China ups the ante against Taipei
It was a forceful speech by Mr Abbott, coming after a week of unrelenting Chinese aggression that included flying nuclear-capable bombers across the Taiwan Strait. His trajectory from being concerned not to offend Beijing’s communist rulers to feeling he has no alternative but to speak out is no surprise. He is far from alone in being alarmed by Beijing. Successive swarms of People’s Liberation Army warplanes dispatched over the Taiwan Strait, Alan Dupont writes in Inquirer, suggest Chinese President Xi Jinping “may not wait much longer to achieve his cherished dream of reclaiming Taiwan into the bosom of the motherland”. The Chinese Communist Party’s Global Times has warned that once the Australian Army fights the PLA in the Taiwan Strait or the South China Sea, military targets in Australia inevitably will become targets of Chinese missiles: “Since Australia has become an anti-China spearhead, the country should prepare for the worst … let’s see whether Australia is willing to accompany the Taiwan separatist regime to become cannon fodder.”
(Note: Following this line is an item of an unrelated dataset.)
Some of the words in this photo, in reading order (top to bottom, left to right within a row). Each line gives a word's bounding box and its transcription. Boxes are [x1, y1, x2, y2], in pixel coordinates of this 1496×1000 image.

In view of Taiwanese Defence Minister Chiu Kuo-cheng’s warning this week that China “would be able to launch a full-scale attack on Taiwan with minimal losses by 2025”, the world’s democracies should prepare for that possibility. During the past 20 years China has produced more ships, submarines, aircraft and missiles than any other nation, in a rearmament program unmatched in peacetime since the 1930s.
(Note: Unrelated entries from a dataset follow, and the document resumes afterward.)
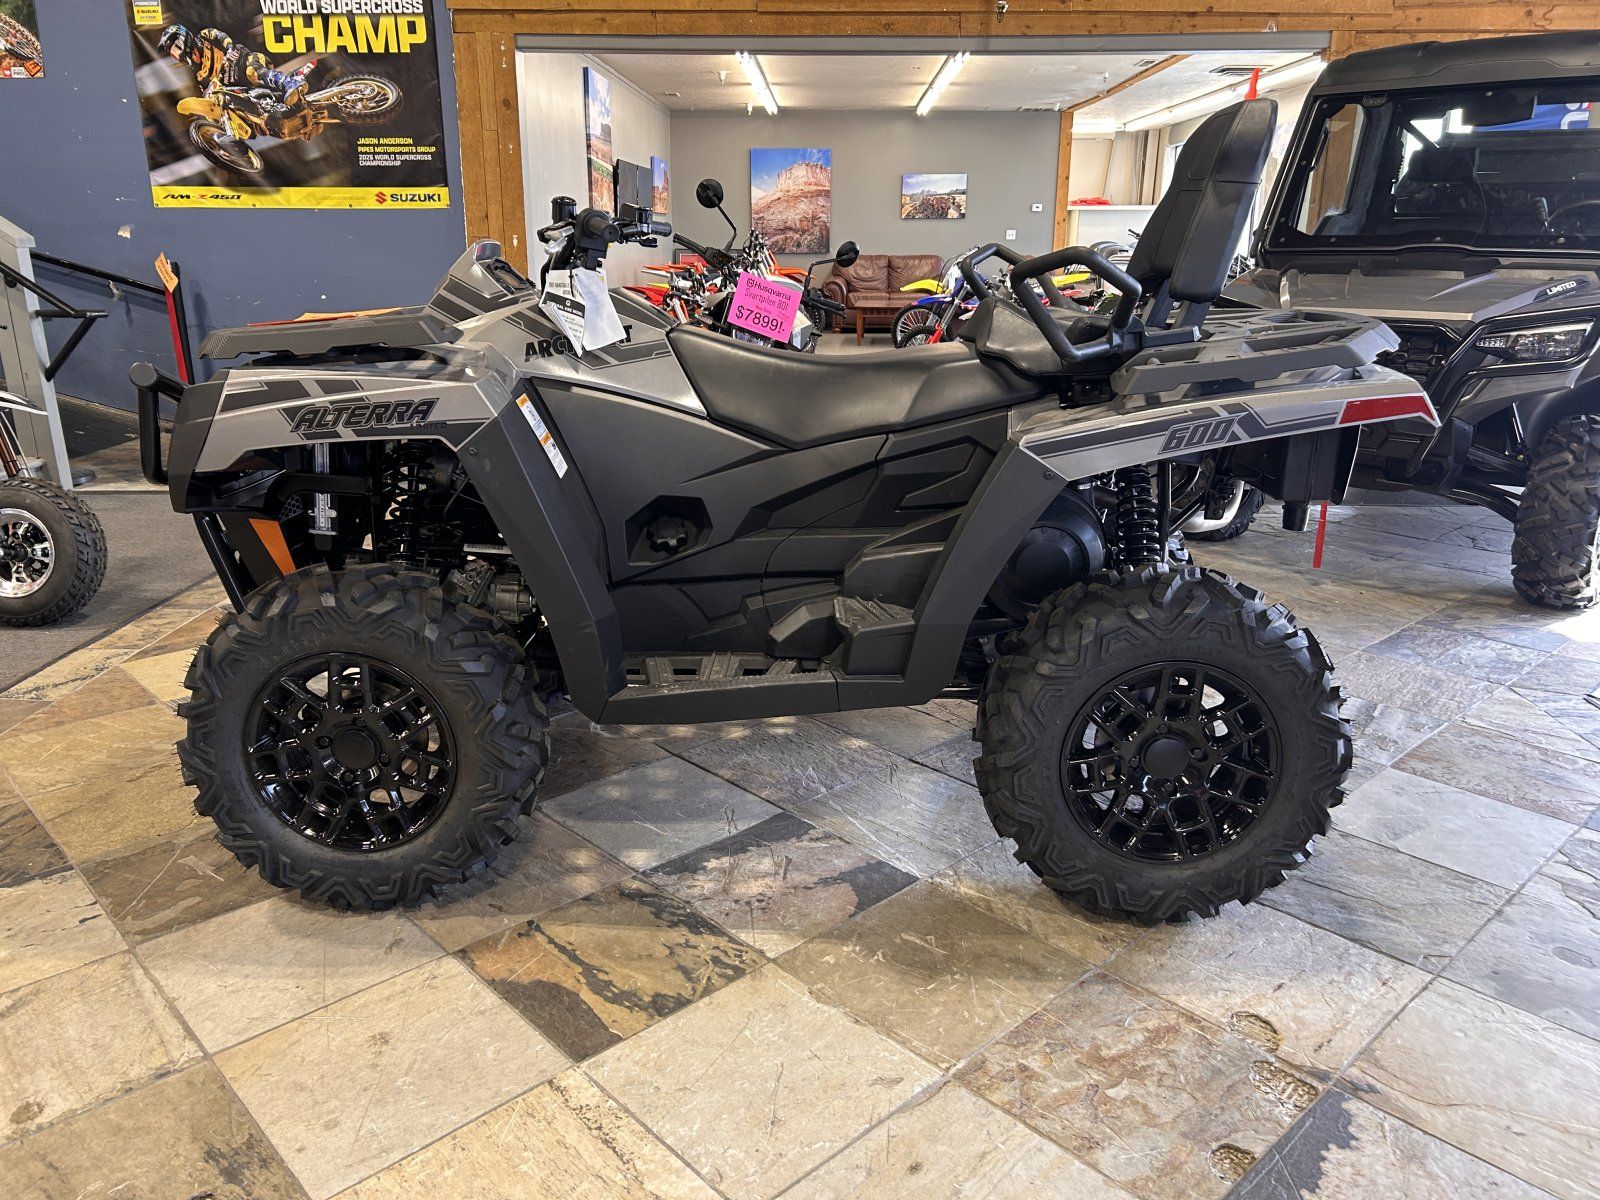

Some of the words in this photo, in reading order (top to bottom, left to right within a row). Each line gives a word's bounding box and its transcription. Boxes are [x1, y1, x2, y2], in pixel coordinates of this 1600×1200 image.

[260, 0, 317, 14] WORLD
[321, 0, 424, 14] SUPERCROSS
[262, 15, 427, 53] CHAMP
[390, 193, 442, 202] SUZUKI
[745, 288, 776, 306] Svartpilen
[754, 281, 791, 301] Husqvarna
[1546, 281, 1577, 295] LIMITED
[735, 305, 784, 334] $7899!
[290, 397, 440, 433] ALTERRA
[410, 421, 447, 431] LIMITED
[1160, 415, 1237, 453] 600
Cyber warfare also poses dangers, as Liberal senator and Parliamentary Joint Committee on Intelligence and Security chairman James Paterson tells Cameron Stewart in Inquirer. China’s foreign interference and espionage are a greater threat to Australia’s way of life than terrorism, Senator Paterson says. Despite our foreign interference laws, China is working to infiltrate our national life as it seeks to undermine our democracy.
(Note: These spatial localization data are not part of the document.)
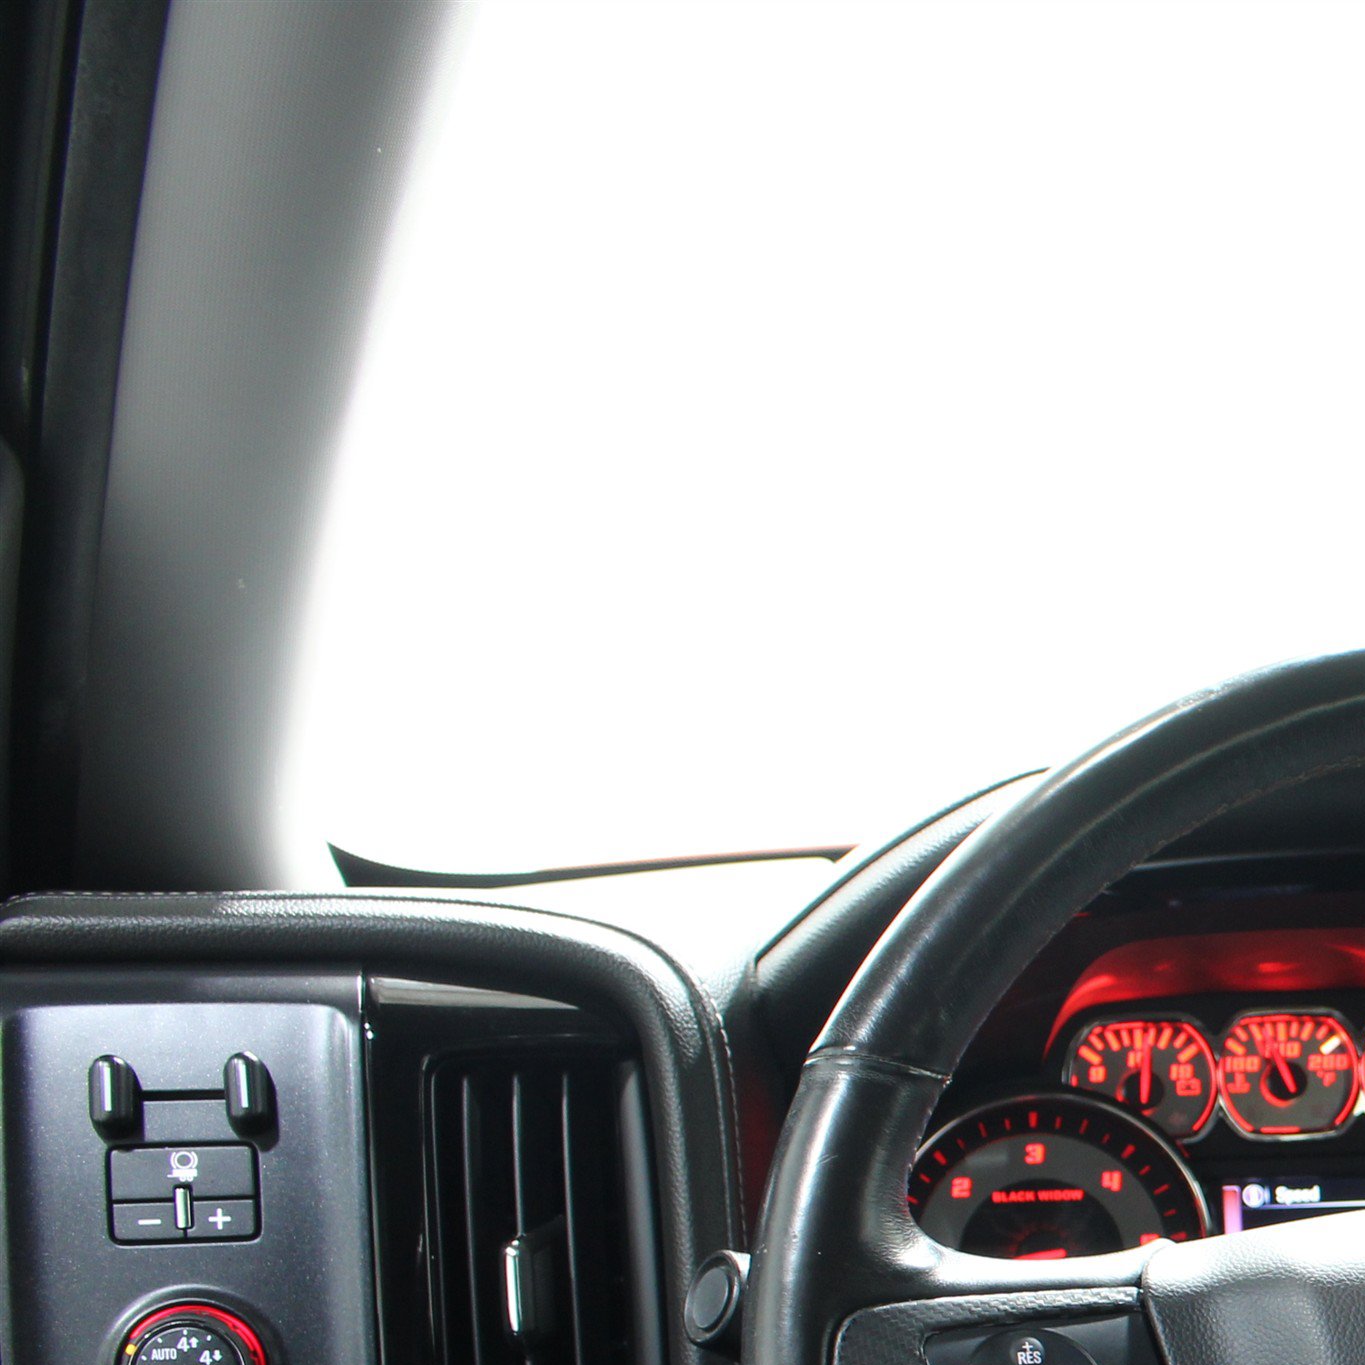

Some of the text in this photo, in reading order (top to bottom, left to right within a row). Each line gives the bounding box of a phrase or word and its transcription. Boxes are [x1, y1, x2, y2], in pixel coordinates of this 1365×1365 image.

[1024, 1142, 1046, 1165] 3
[951, 1176, 973, 1199] 2
[1101, 1169, 1123, 1192] 4
[991, 1189, 1085, 1203] BLACK WIDOW
[1275, 1184, 1321, 1206] Speed
[176, 1336, 190, 1353] 4
[151, 1348, 177, 1361] AUTO
[199, 1350, 213, 1365] 4
[1017, 1351, 1042, 1365] RES
As Mr Abbott says, Australia has no issue with China. But China is beating the drums of war, with Taiwan looming as a flashpoint. China’s belligerence underlines the value of the Morrison government’s strategy in placing Australia at the epicentre of crucial alliances such as the Quadrilateral Security Dialogue, alongside the US, India and Japan; AUKUS; and the Five Eyes intelligence group. When Joe Biden meets Mr Xi for a virtual summit before the end of the year, announced by the White House on Thursday, it is vital the American President reiterate that the US commitment to Taiwan is rock solid. Beijing needs to understand that an attack on Taiwan would lead to incalculable and potentially devastating consequences for China. It must be reminded, as Mr Abbott says, that “the more aggressive it becomes, the more opponents it will have”.
Two years ago, former prime minister Tony Abbott said in Taipei on Friday, he hesitated to attend the annual Yushan Forum in the city in case that provoked China. So much had changed since 2019, he said, that “nothing is more pressing now than solidarity with Taiwan”. In the interim, “Beijing has torn up the ‘one country, two systems’ treaty in Hong Kong, put upwards of a million Uighurs into concentration camps, boosted cyber spying on its own citizens, cancelled popular personalities in favour of a cult of the new red emperor, brutalised Indian soldiers in the Himalayas, coerced other claimants in its eastern seas and flown ever more intimidatory sorties against Taiwan”. China also had “weaponised trade, especially against Australia, and its embassy has published 14 demands – essentially that we become a tributary state – that no self-respecting country could accept”.